Despite erectile dysfunction (ED) being a physical symptom, the thoughts that you think can make the condition worse.

As you may have expected, your mental health plays a huge role in how your body performs in sexual situations. Even when there are other medical causes for ED, dysfunctional thoughts can spiral an intimate moment into a frustrated (or anxious) one.

Yet, dealing with ED isn’t an indictment of your sex life. By learning to manage some of those negative thoughts, you can help to improve the condition—and find more fulfillment in your sexual relationship.

To start you off on the right foot, here are four ways to help you handle the bombarding thoughts.

Practice Self-Care to Reduce Performance Anxiety

When you deal with ED, performance anxiety can present multiple problems. Firstly, it often paralyzes you, rendering you unable to do much of anything except worry. Secondly, performance anxiety—in true anxiety fashion—can make your thoughts spin out of control.

To battle this type of anxiety, it’s vital that you find a way to release and process those negative thoughts. A few helpful activities are to journal and meditate.

Practicing either one or both can help you to decrease the number of dysfunctional thoughts that you face. As a result, you may see improvement in your condition.

Embrace the Emotions That You Feel

It’s not uncommon to deal with feelings such as embarrassment, guilt, or shame when you struggle with ED. Keep in mind that all of these are natural emotions, and you may very well have to battle them at some point.

Rather than shuffling the emotions under the rug, though, allow yourself to experience them. Keep in mind that those feelings don’t necessarily need to set up camp.

However, acknowledging your true feelings will help them to exit your mind a little quicker. Mostly, because you aren’t wasting your time trying to fight them.

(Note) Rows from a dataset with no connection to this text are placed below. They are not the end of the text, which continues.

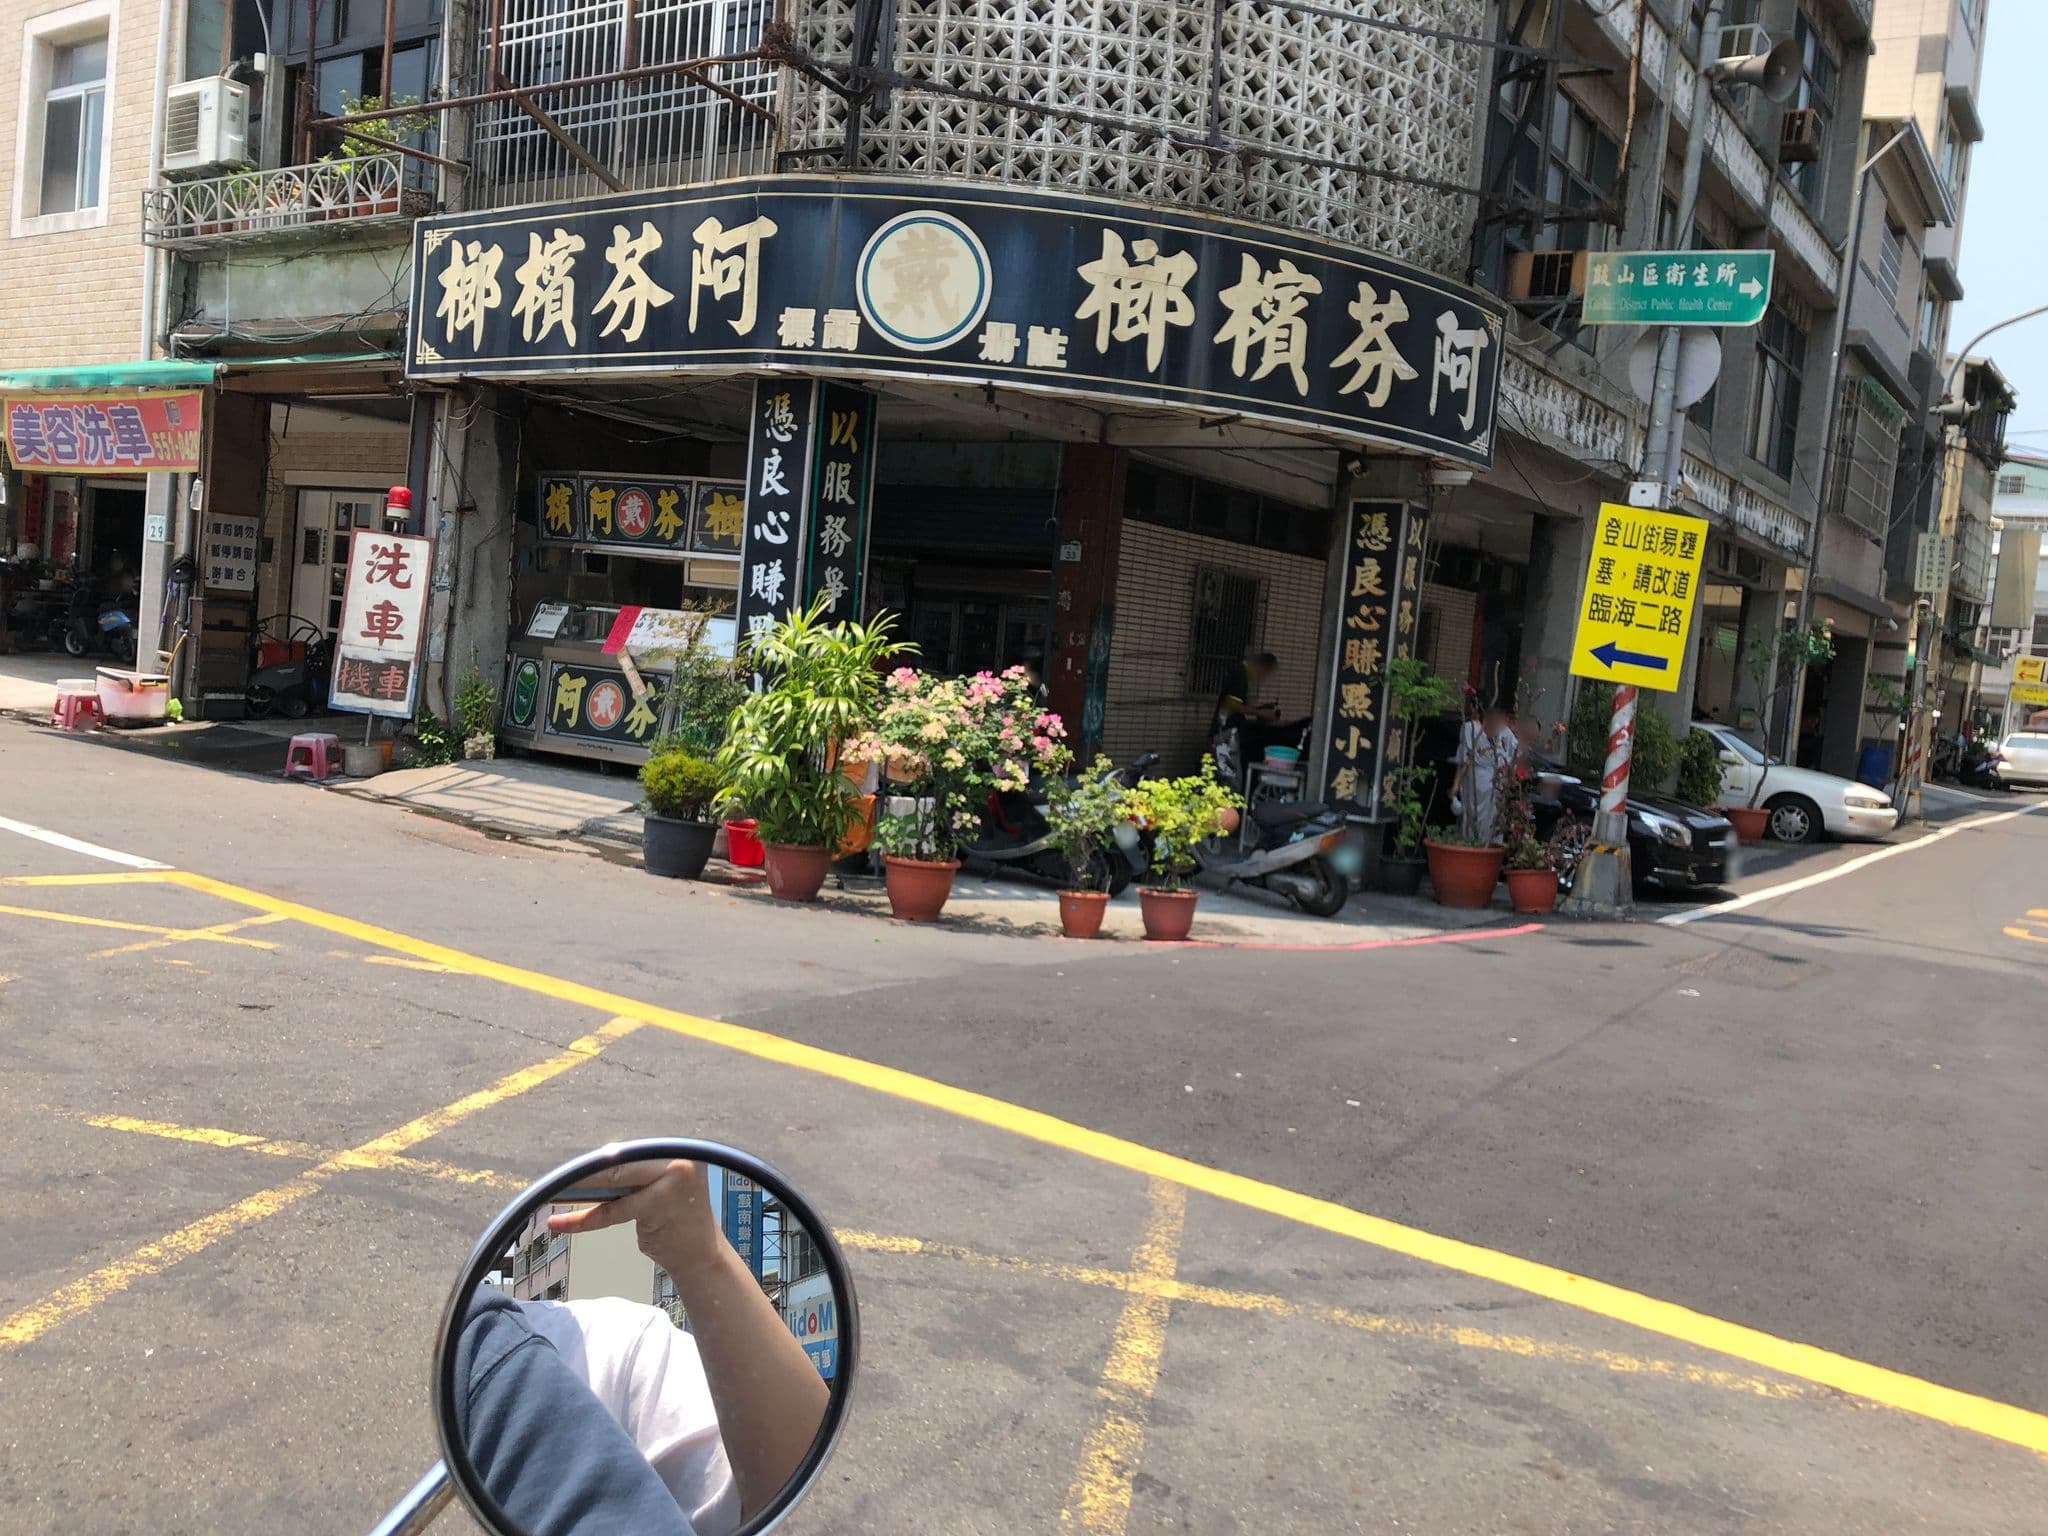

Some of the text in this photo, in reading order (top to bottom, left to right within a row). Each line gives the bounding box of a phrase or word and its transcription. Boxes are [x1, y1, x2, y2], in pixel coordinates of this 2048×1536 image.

[1592, 261, 1738, 287] 鼓山區衛生所
[11, 403, 153, 464] 美容洗車
[150, 525, 163, 538] 29
[1603, 517, 1699, 560] 登山街易壅
[361, 543, 413, 646] 洗車
[1588, 592, 1683, 636] 臨海二路
[338, 659, 407, 698] 機車

Many men see an improvement in sexual performance after they’ve looked at their own emotions eye-to-eye.

Share Your Thoughts with Your Partner

Part of an intimate relationship is being able to tackle life’s challenges together. Whether those challenges present themselves at work, home, or in between the sheets, you’re both wearing the same team colors.

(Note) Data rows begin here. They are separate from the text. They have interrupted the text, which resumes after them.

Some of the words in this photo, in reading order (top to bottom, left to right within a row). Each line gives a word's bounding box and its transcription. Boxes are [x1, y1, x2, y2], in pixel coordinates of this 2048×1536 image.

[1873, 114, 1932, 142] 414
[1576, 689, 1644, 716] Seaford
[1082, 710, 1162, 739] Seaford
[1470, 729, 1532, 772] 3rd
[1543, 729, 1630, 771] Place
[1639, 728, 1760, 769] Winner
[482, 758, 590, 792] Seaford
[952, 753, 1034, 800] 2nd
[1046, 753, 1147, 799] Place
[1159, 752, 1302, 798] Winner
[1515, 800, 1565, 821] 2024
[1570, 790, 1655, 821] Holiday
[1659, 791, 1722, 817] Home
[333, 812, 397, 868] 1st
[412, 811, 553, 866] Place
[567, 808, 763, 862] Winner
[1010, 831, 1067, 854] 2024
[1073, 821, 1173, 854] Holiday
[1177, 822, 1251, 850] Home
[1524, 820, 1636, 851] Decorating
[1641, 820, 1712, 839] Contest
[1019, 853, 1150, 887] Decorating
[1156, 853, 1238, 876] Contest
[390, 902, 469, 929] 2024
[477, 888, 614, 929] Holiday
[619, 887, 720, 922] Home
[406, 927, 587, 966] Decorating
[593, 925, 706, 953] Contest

To help you manage some of the disruptive thoughts, try sharing them with your partner. Have a candid discussion about the fears you face. Talk with them about how it makes you feel as a man, a partner, or a lover. If this feels overly vulnerable, these types of discussions are always welcome in our couples counseling sessions.

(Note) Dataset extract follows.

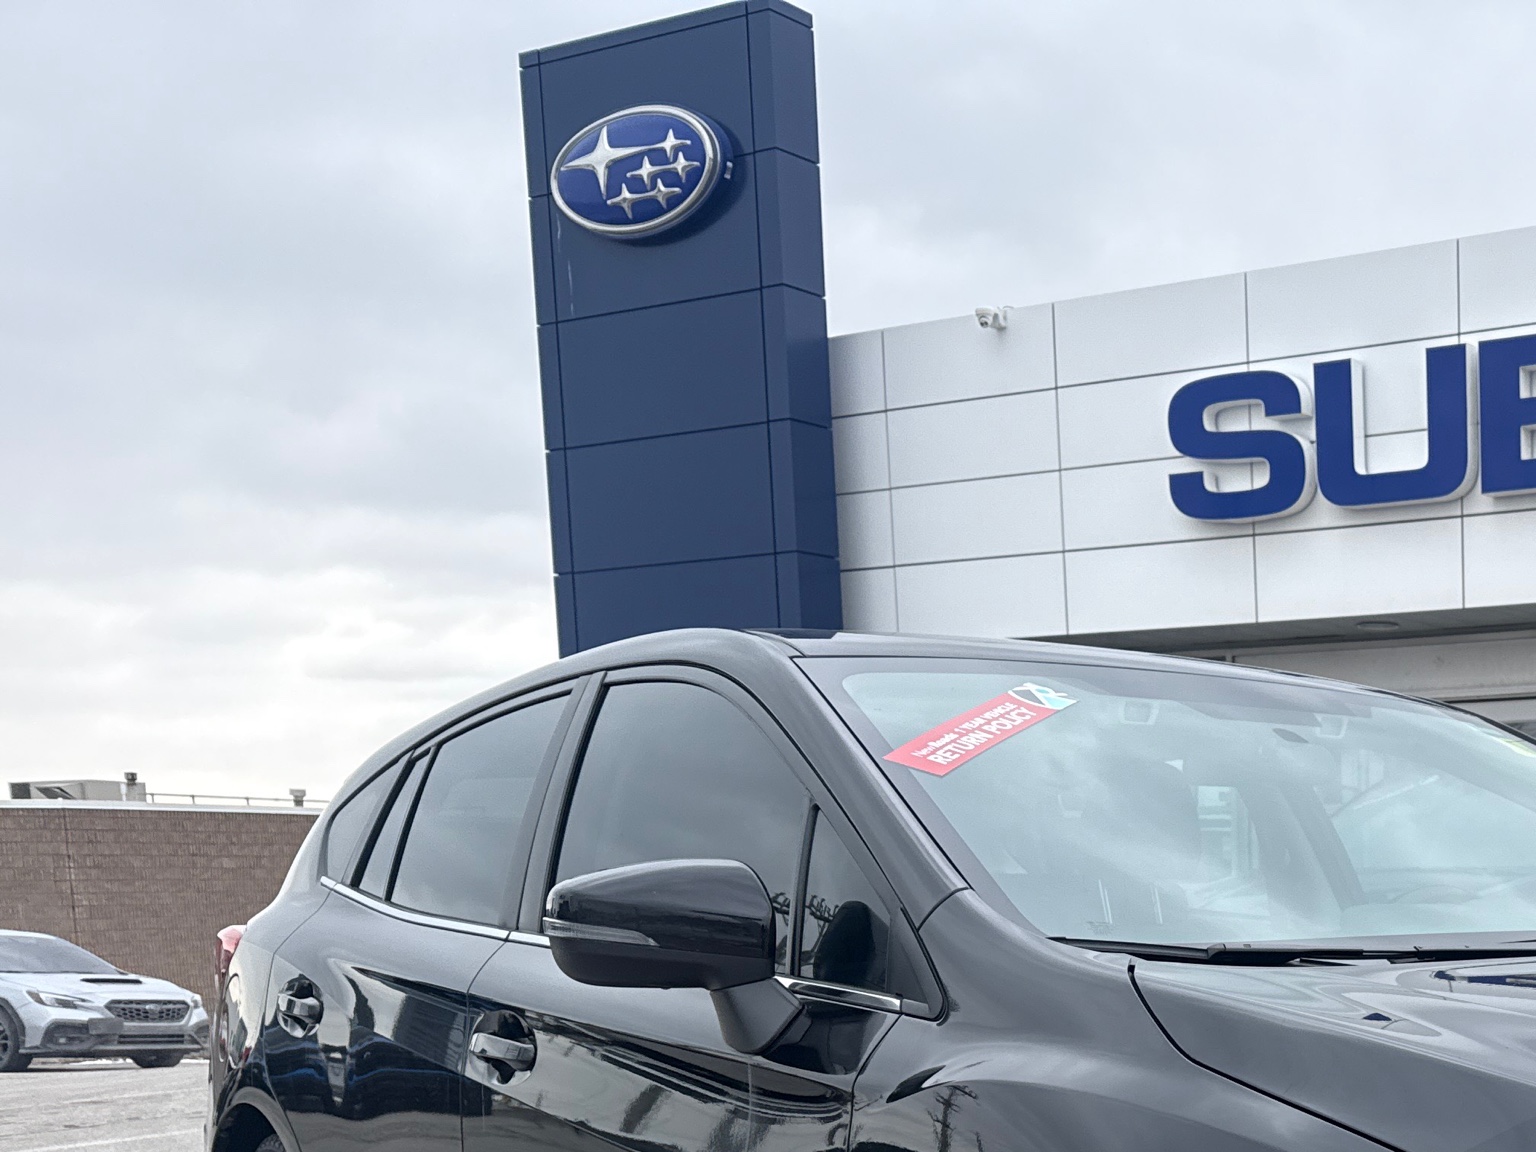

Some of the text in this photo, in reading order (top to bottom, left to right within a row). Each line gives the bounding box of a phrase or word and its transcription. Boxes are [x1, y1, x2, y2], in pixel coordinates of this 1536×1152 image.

[926, 706, 1037, 765] RETURN POLICY
[959, 716, 986, 732] YEAR
[982, 702, 1019, 723] VEHICLE

Sharing these innermost details of your emotions will work to increase the intimacy that you share with your partner. Often, this type of vulnerability opens up a new sexual dimension that helps diminish ED, too.

Increase Other Forms of Intimacy

Although plenty of people think of sex when discussing intimacy, it doesn’t stop there—intimacy doesn’t even begin there!

One important key to help you manage any thoughts that are making ED worse is to approach treatment from all angles. By promoting all forms of intimacy in your relationship, this particular type of intimacy (sex) will benefit greatly.

Find other ways to feel close to your partner. A few examples might include giving a massage, taking a walk together, cooking dinner, talking, etc.

When you increase other ways to be intimate, you take the pressure off your mind that you “must perform flawlessly.” As imagined, this can help to keep dysfunctional thoughts at bay and improve the condition.